Bernstein's Blog

Posted Dec 10, 2025 17:24 UTC (Wed) by brunowolff (guest, #71160)
In reply to: Bernstein's Blog by hailfinger
Parent article: Disagreements over post-quantum encryption for TLS

People do make a stink about having NULL ciphers in protocols. They can make downgrade attacks easier and allow for people to think encryption is being used when it isn't.

to post comments

Bernstein's Blog

Posted Jan 5, 2026 11:59 UTC (Mon) by sammythesnake (guest, #17693) [Link] (3 responses)

Additionally, and importantly, a PHB is a lot less likely to misunderstand "NULL encryption" as a GoodIdea™ than "Post Quantum Cryptography" *Something* to protect against that seems only sensible to me...

Bernstein's Blog

Posted Jan 5, 2026 12:58 UTC (Mon) by Wol (subscriber, #4433) [Link] (2 responses)
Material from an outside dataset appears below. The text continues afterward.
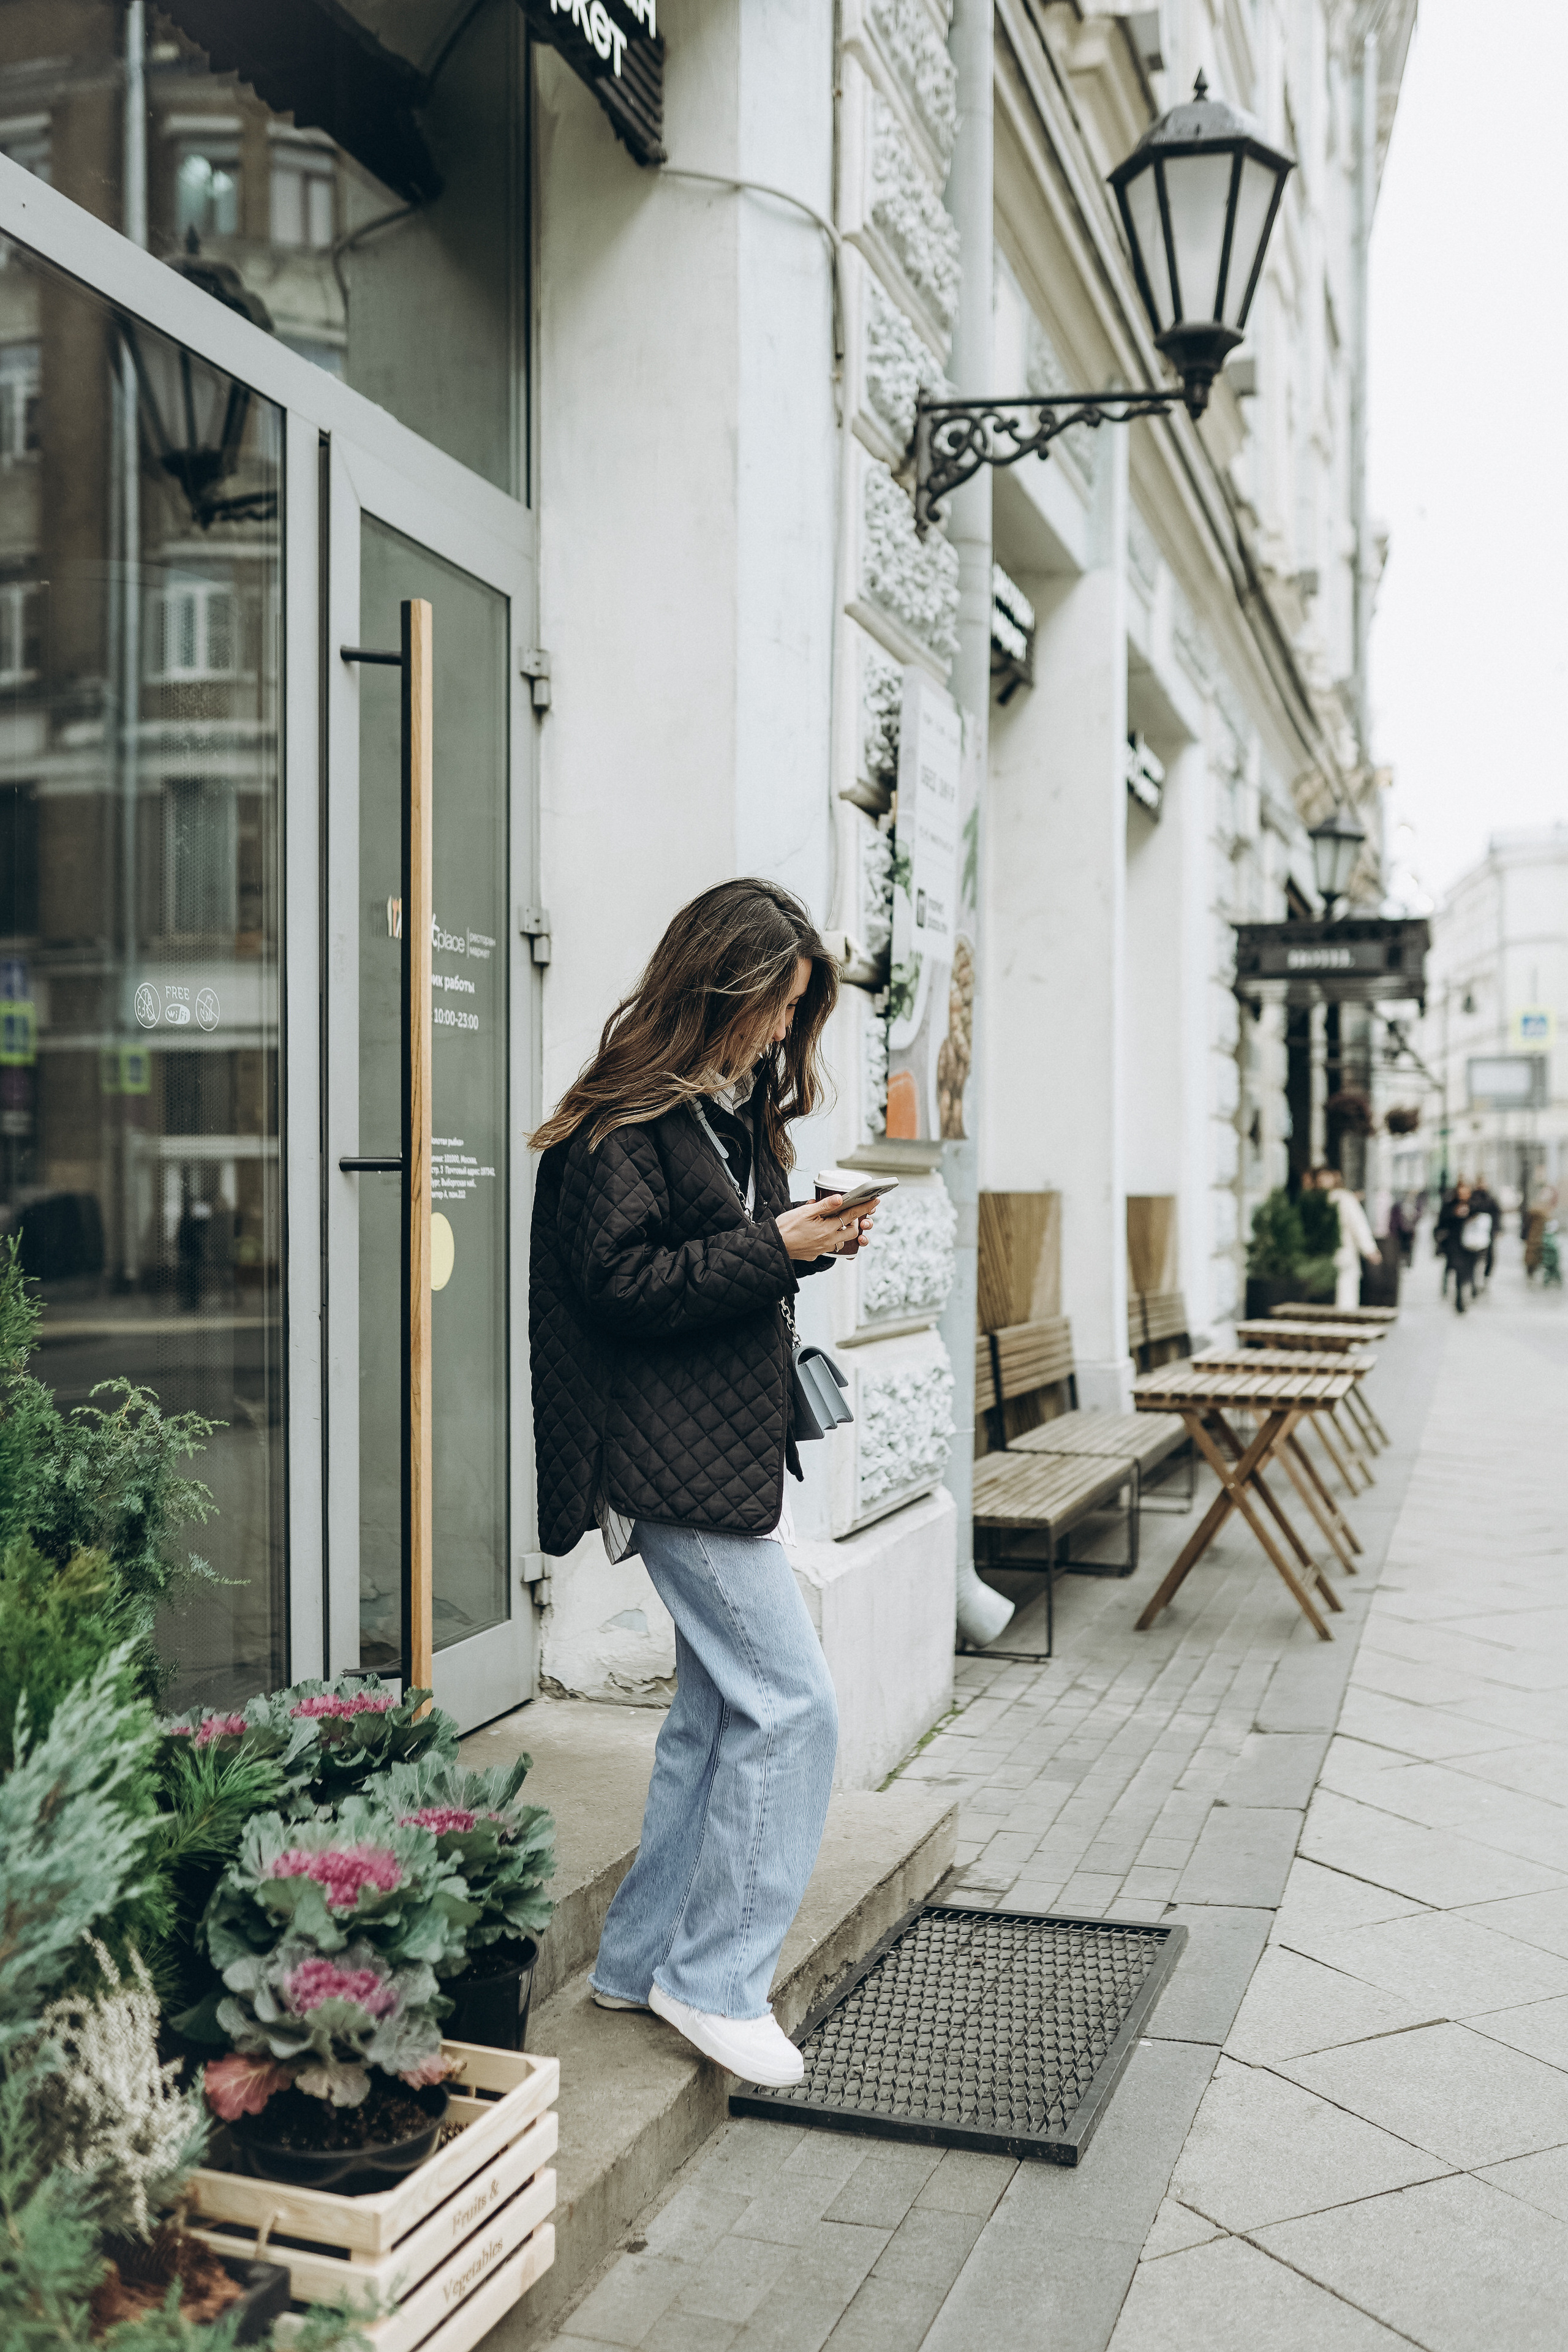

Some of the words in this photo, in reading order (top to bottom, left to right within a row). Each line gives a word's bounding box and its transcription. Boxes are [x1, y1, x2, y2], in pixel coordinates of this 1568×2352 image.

Until someone decides to call it ROT-26 :-)

Cheers,
Wol

Bernstein's Blog

Posted Jan 5, 2026 15:08 UTC (Mon) by amacater (subscriber, #790) [Link] (1 responses)

ROT52 - it's the only way to be sure and with two additional encryption rounds it's bound to be more secure.

Bernstein's Blog

Posted Jan 5, 2026 16:01 UTC (Mon) by paulj (subscriber, #341) [Link]

I'd also add 2 rounds of XOR encryption, so that if one algorithm is broken you still have the protection of the other algorithm. Very unlikely 2 algorithms would be broken at once!